1957 – U.S. Senator John Fitzgerald Kennedy was awarded the Pulitzer Prize for his book “Profiles in Courage”.

1959 – The Pablo Picasso painting of a Dutch girl was sold for $154,000 in London. It was the highest price paid (at the time) for a painting by a living artist.

1960 – Britain’s Princess Margaret married Anthony Armstrong Jones. They were divorced in 1978.

1960 – U.S. President Eisenhower signed the Civil Rights Act of 1960.

1962 – The first nuclear warhead was fired from the Polaris submarine.

1981 – A jury of international architects and sculptors unanimously selected Maya Ying Lin’s entry for the design of the Vietnam Veterans Memorial.

1994 – The Channel Tunnel officially opened. The tunnel under the English Channel links England and France.

1994 – Former Arkansas state worker Paula Jones filed suit against U.S. President Clinton. The case alleged that he had sexually harassed her in 1991.

1997 – Army Staff Sgt. Delmar G. Simpson was sentenced to 25 years in prison for raping six trainees at Aberdeen Proving Ground in Maryland.

1997 – Four health-care companies agreed to a settlement of $600 million to hemophiliacs who had contracted AIDS from tainted blood between 1978-1985.

1999 – Britain’s Labour Party won the largest number of seats in the first elections for Scotland’s new Parliament and Wales’ new Assembly.

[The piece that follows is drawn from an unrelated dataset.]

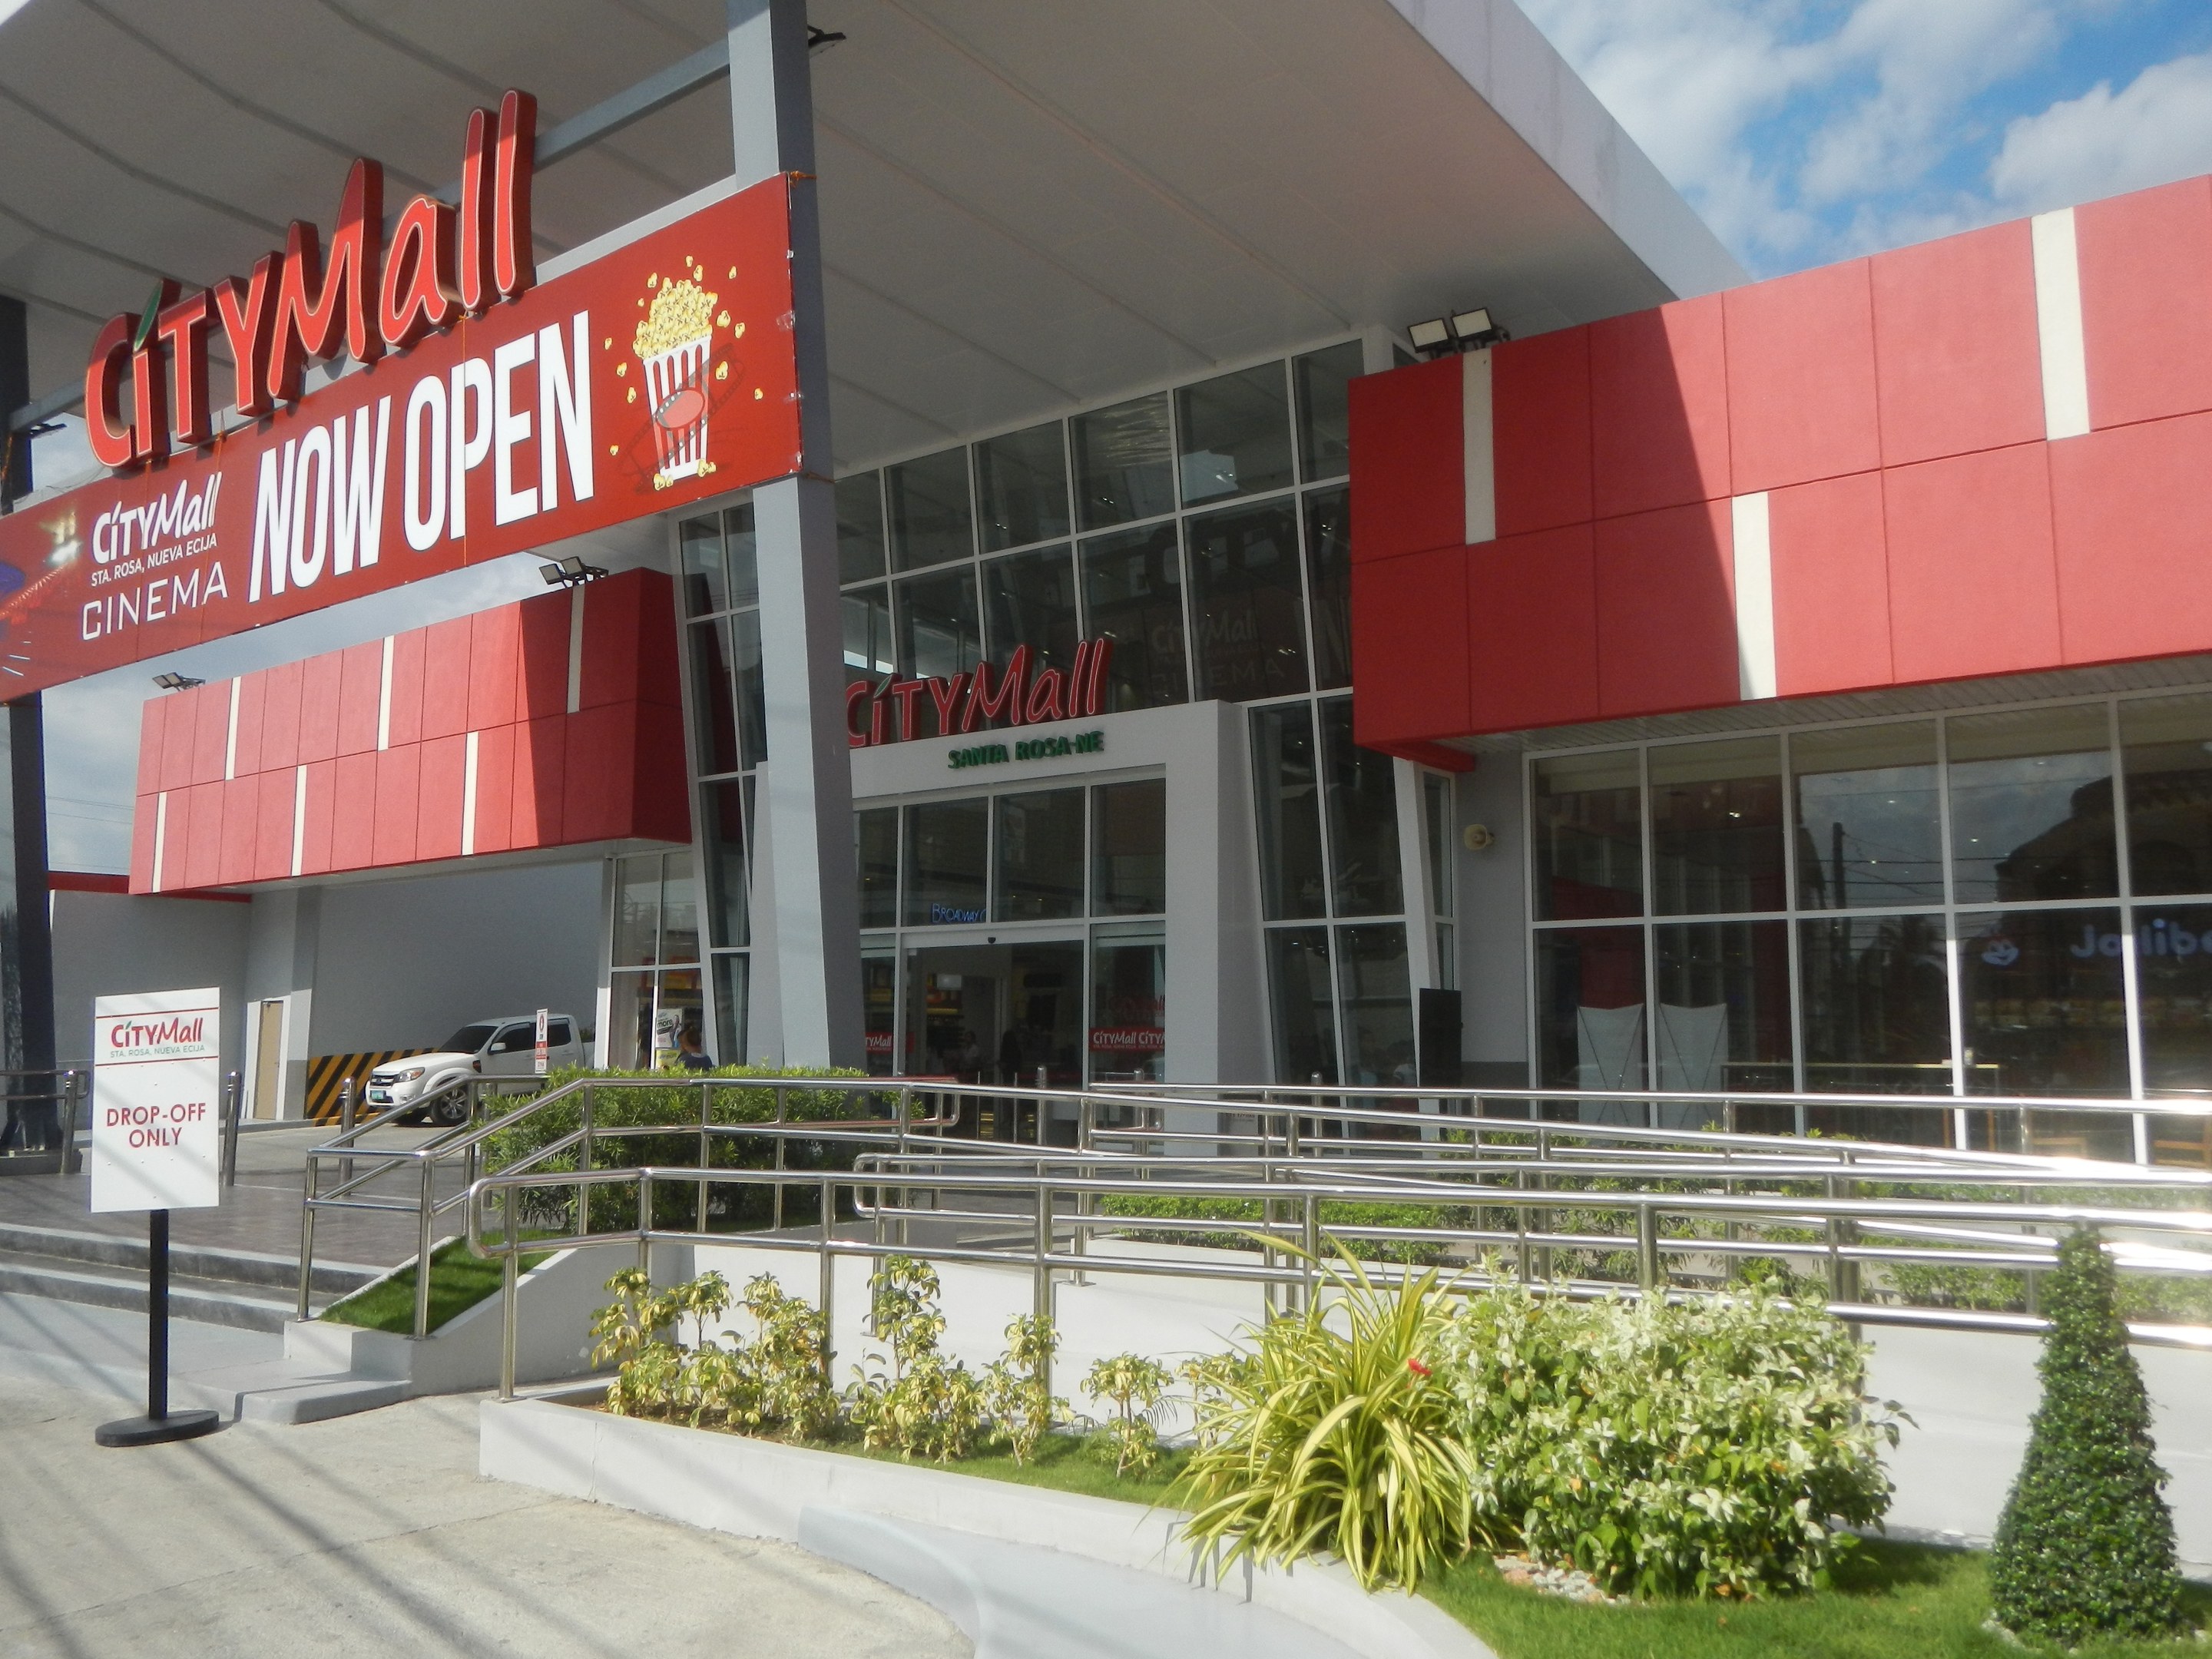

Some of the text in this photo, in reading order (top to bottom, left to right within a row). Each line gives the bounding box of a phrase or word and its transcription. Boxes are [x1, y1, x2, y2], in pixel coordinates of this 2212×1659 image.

1999 – A parole board in New York voted to release Amy Fisher. She had been in jail for 7 years for shooting her lover’s wife, Mary Jo Buttafuoco, in the face.

2001 – Chandra Levy’s parents reported her missing to police in Washington, DC. Levy’s body was found on May 22, 2002 in Rock Creek Park.

2002 – “Spider-Man” became the first movie to make more than $100 million in its first weekend.